Prove that $\sqrt3$ is irrational. Hint: To treat $\sqrt3$, for example, use the fact that every integer is of the form $3n$, $3n+1$ or $3n+2$.

Solution from the "Answers" Chapter:

Since $$ \\ (3n+1)^2 = 9n^2 +6n + 1 = 3(3n^2+2n)+1 \\ (3n+2)^2 = 9n^2 +12n + 4 = 3(3n^2+4n +1)+1 $$ He proceeds then to state that if $k^2$ is divisible by 3, then so is $k$. I have a hard time understanding what $k$ he is talking about in these equations, it hasn't been defined earlier. He then proceeds:

Supose $\sqrt3$ were rational, and let $\sqrt3 = p/q$, where $p$ and $q$ have no common factor. Then $p^2=3q^2$, so $p^2$ is divisible by 3, so $p$ must be. Thus, $p=3p'$ for some natural number $p'$ and consequently $(3p')^2=3q^2$, or $3(p')^2=q^2$. Thus, $q$ is also divisible by 3, a contradiction.
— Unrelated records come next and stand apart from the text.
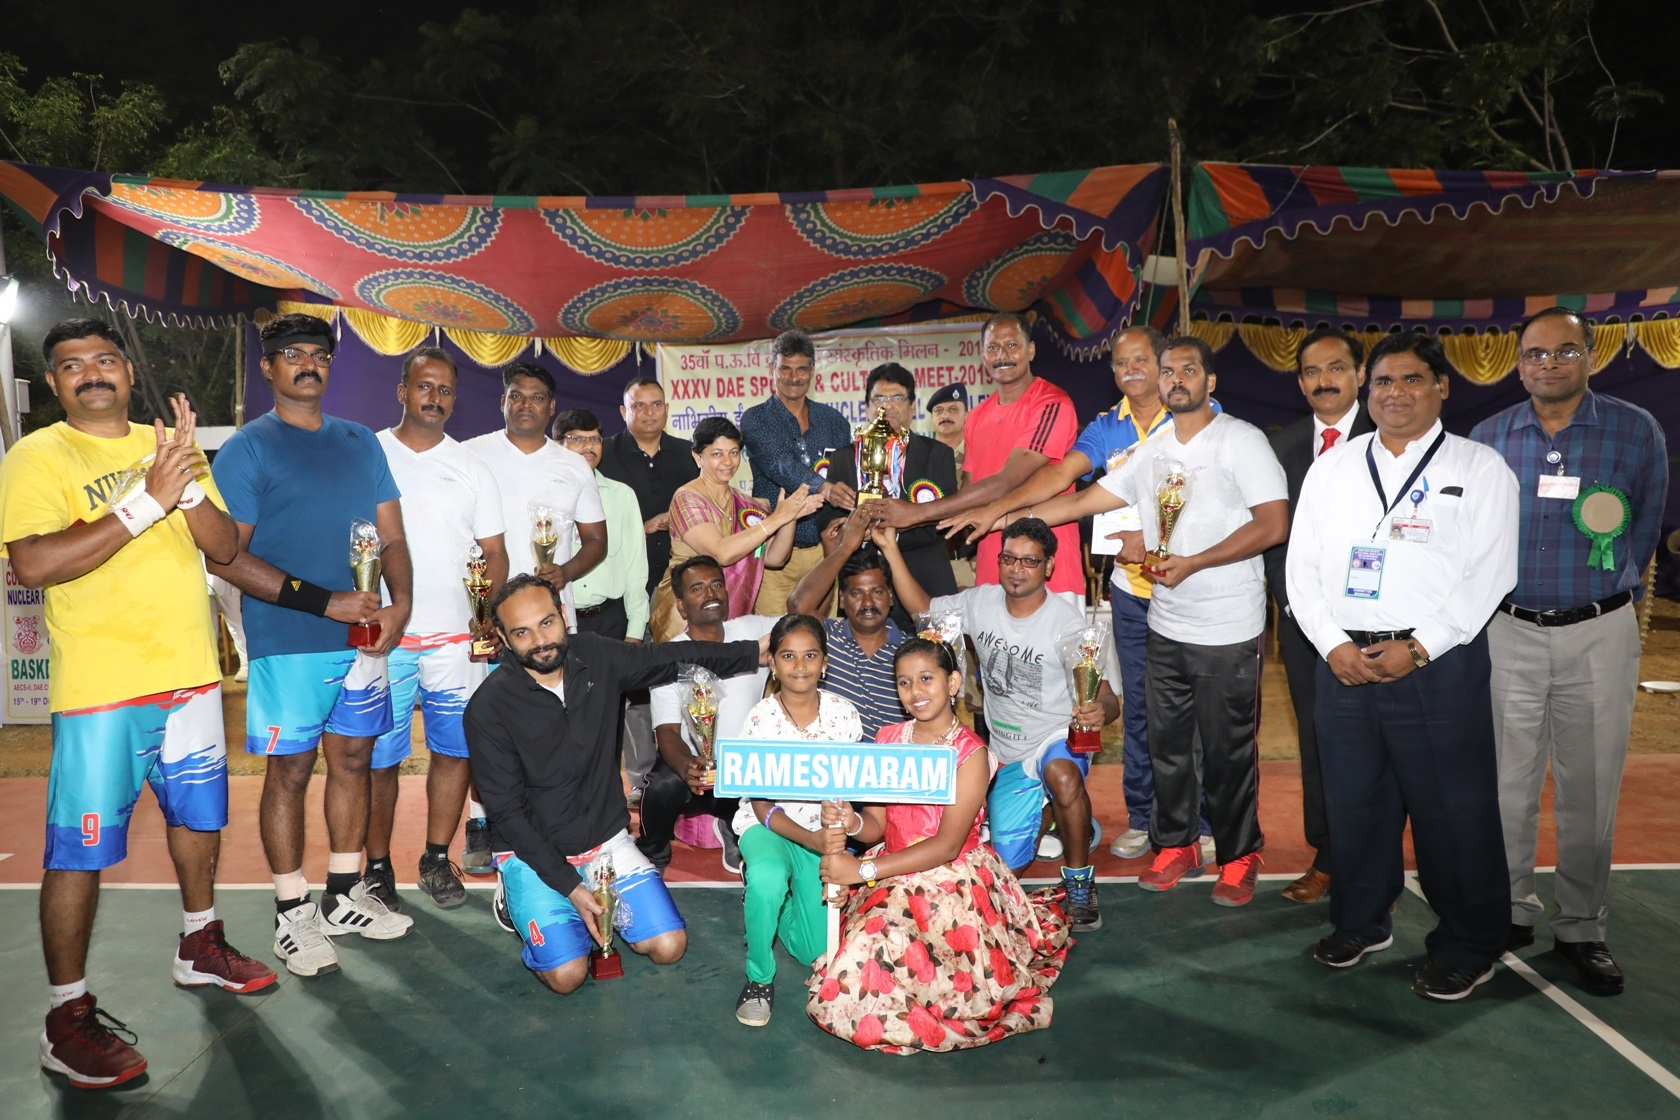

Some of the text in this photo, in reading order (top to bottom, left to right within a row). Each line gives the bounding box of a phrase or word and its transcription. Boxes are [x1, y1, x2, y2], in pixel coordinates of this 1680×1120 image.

[898, 338, 939, 359] मिलन
[959, 340, 983, 357] 201
[671, 378, 711, 400] XXXV
[716, 376, 745, 398] DAE
[815, 374, 825, 393] &
[7, 589, 41, 605] NUCLEAR
[977, 631, 1044, 665] AWESOME
[265, 725, 282, 754] 7
[723, 752, 947, 791] RAMESWARAM
[82, 812, 100, 847] 9
[528, 919, 545, 947] 4
I have a hard time linking the first part where he states that "$k^2$ being divisible by 3 leads to $k$ being divisible by 3" and the second part. Where does the first conclusion come from?

NOTE: Problem statement in the book in the same manner requests the proof of $\sqrt5$ and $\sqrt6$ being irrational. However, in this question I'm interested in the proof for the case of $\sqrt3$.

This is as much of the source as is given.